WHAT YOU ARE ASKED TO DO: Output each line from the one that contains "this 2352×1568 image." to the final line of the data below, exactly, and include nothing else.

DATA FOR PROCESSING:
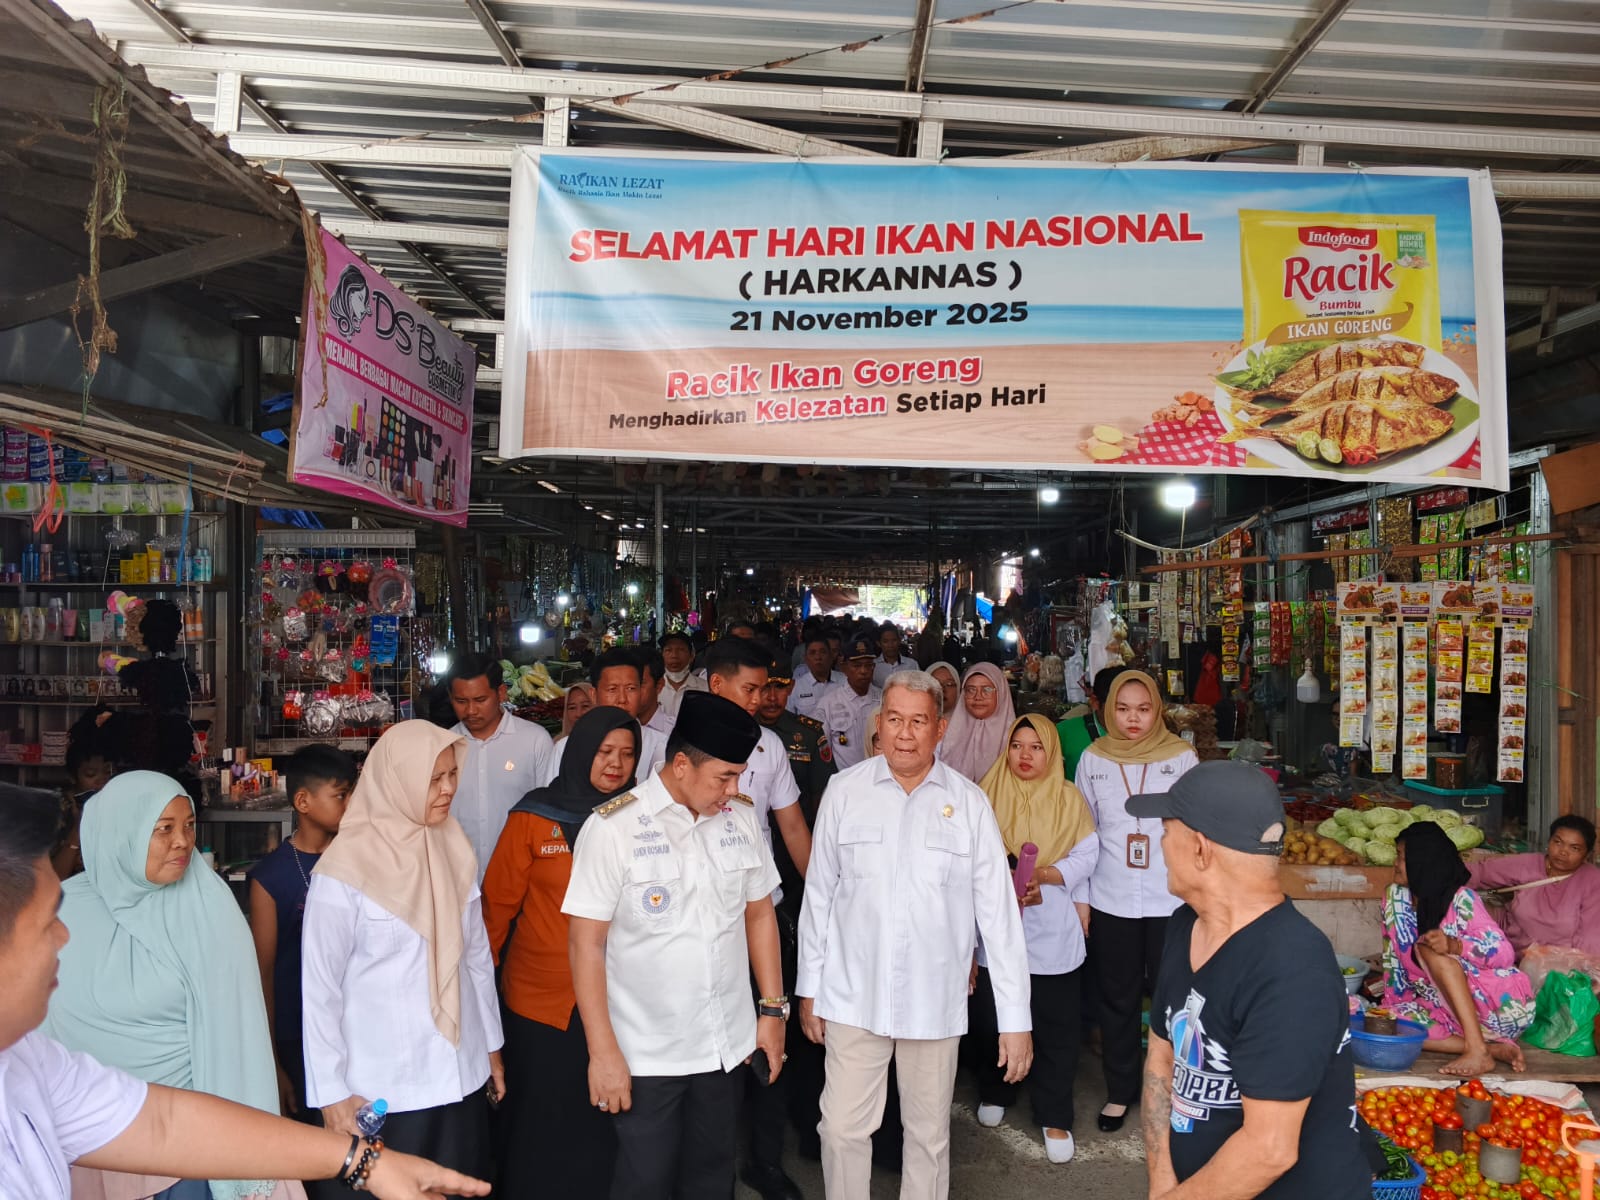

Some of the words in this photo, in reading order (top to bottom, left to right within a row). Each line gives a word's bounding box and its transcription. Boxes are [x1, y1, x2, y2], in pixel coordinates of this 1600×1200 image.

[560, 172, 618, 188] RACIKAN
[622, 177, 665, 190] LEZAT
[569, 229, 758, 263] SELAMAT
[766, 226, 865, 258] HARI
[875, 222, 975, 255] IKAN
[985, 212, 1203, 250] NASIONAL
[1307, 231, 1371, 249] Indofood
[764, 261, 997, 296] HARKANNAS
[1283, 253, 1395, 301] Racik
[730, 311, 762, 331] 21
[772, 305, 937, 330] November
[946, 301, 1028, 325] 2025
[1320, 300, 1361, 310] Bumbu
[372, 291, 415, 355] DS
[417, 323, 464, 402] Beauty
[1287, 321, 1329, 339] IKAN
[1334, 317, 1392, 335] GORENG
[326, 337, 359, 373] MENJUAL
[360, 357, 390, 390] BERBAGAI
[390, 375, 412, 402] MACAM
[665, 363, 762, 399] Racik
[768, 360, 844, 392] Ikan
[853, 355, 983, 386] Goreng
[609, 409, 746, 429] Menghadirkan
[755, 394, 888, 424] Kelezatan
[896, 389, 982, 413] Setiap
[991, 383, 1046, 407] Hari
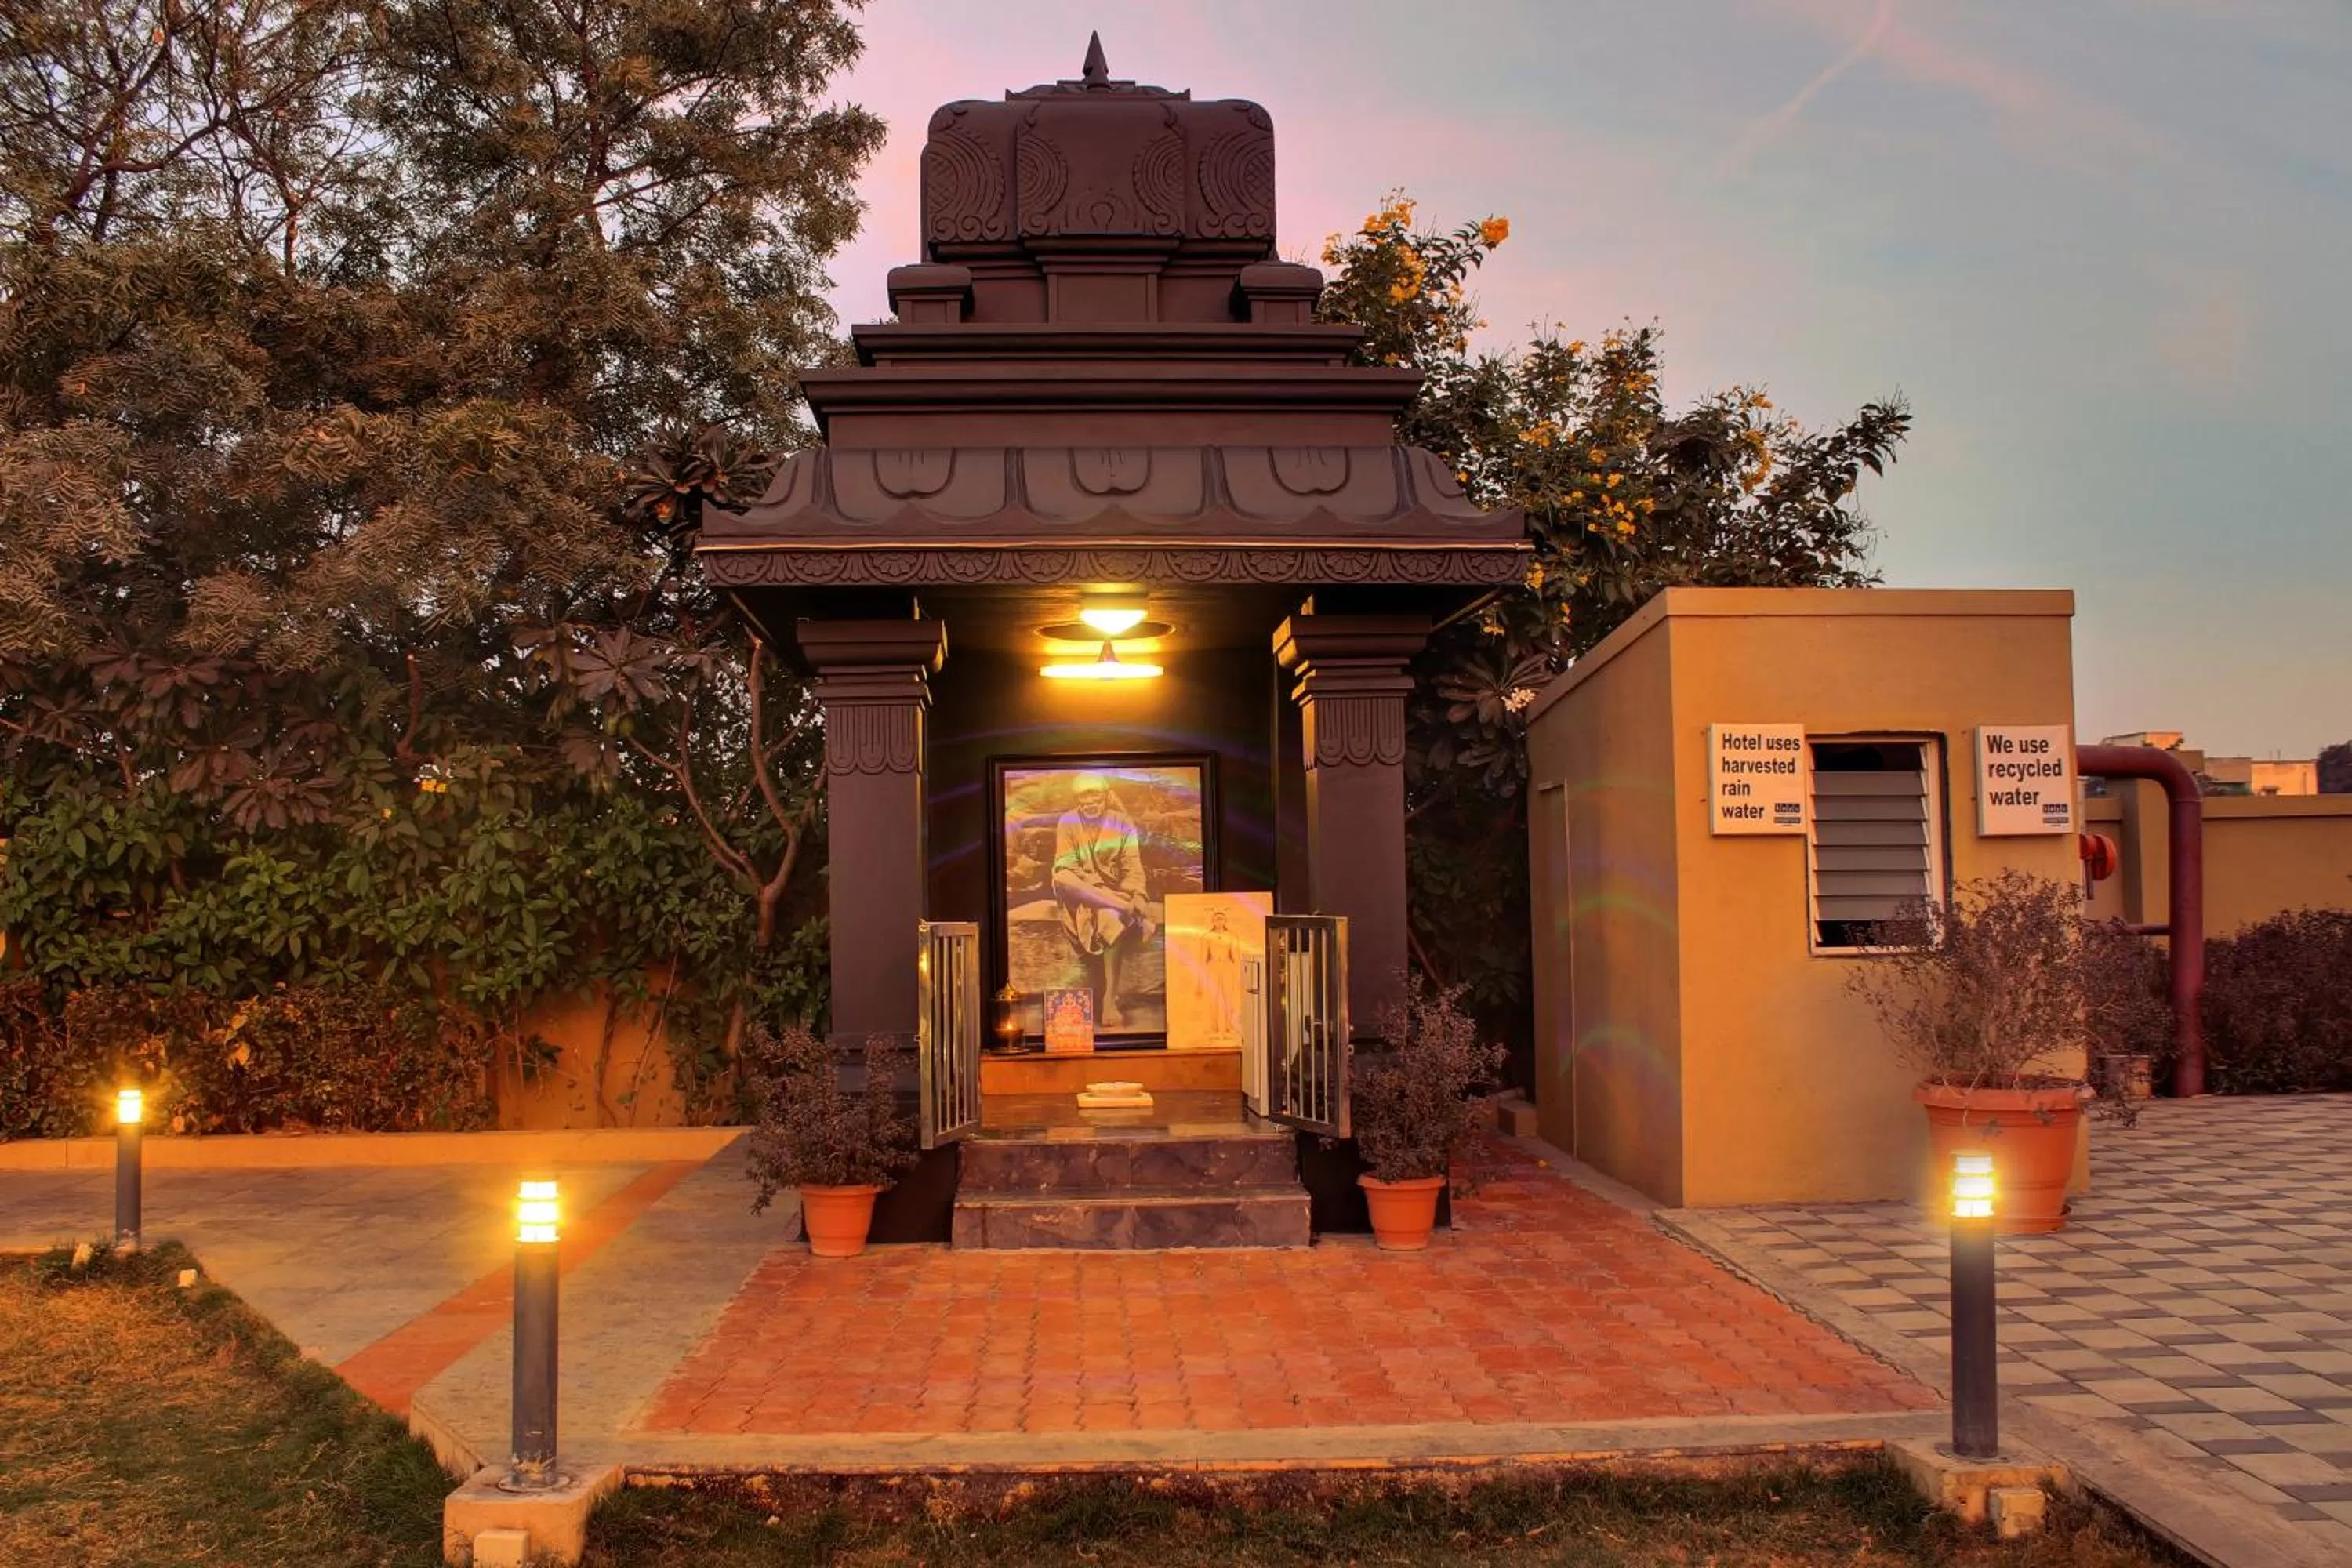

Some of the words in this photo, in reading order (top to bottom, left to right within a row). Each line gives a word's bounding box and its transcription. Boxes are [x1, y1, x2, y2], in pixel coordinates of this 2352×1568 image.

[1722, 733, 1762, 750] Hotel
[1766, 737, 1801, 751] uses
[1987, 735, 2013, 753] We
[2019, 739, 2049, 753] use
[1722, 757, 1795, 774] harvested
[1988, 759, 2062, 782] recycled
[1722, 779, 1751, 796] rain
[1989, 787, 2040, 806] water
[1722, 803, 1765, 819] water

WRITTEN SOLUTION:
Some of the words in this photo, in reading order (top to bottom, left to right within a row). Each line gives a word's bounding box and its transcription. Boxes are [x1, y1, x2, y2], in pixel coordinates of this 2352×1568 image.

[1722, 733, 1762, 750] Hotel
[1766, 737, 1801, 751] uses
[1987, 735, 2013, 753] We
[2019, 739, 2049, 753] use
[1722, 757, 1795, 774] harvested
[1988, 759, 2062, 782] recycled
[1722, 779, 1751, 796] rain
[1989, 787, 2040, 806] water
[1722, 803, 1765, 819] water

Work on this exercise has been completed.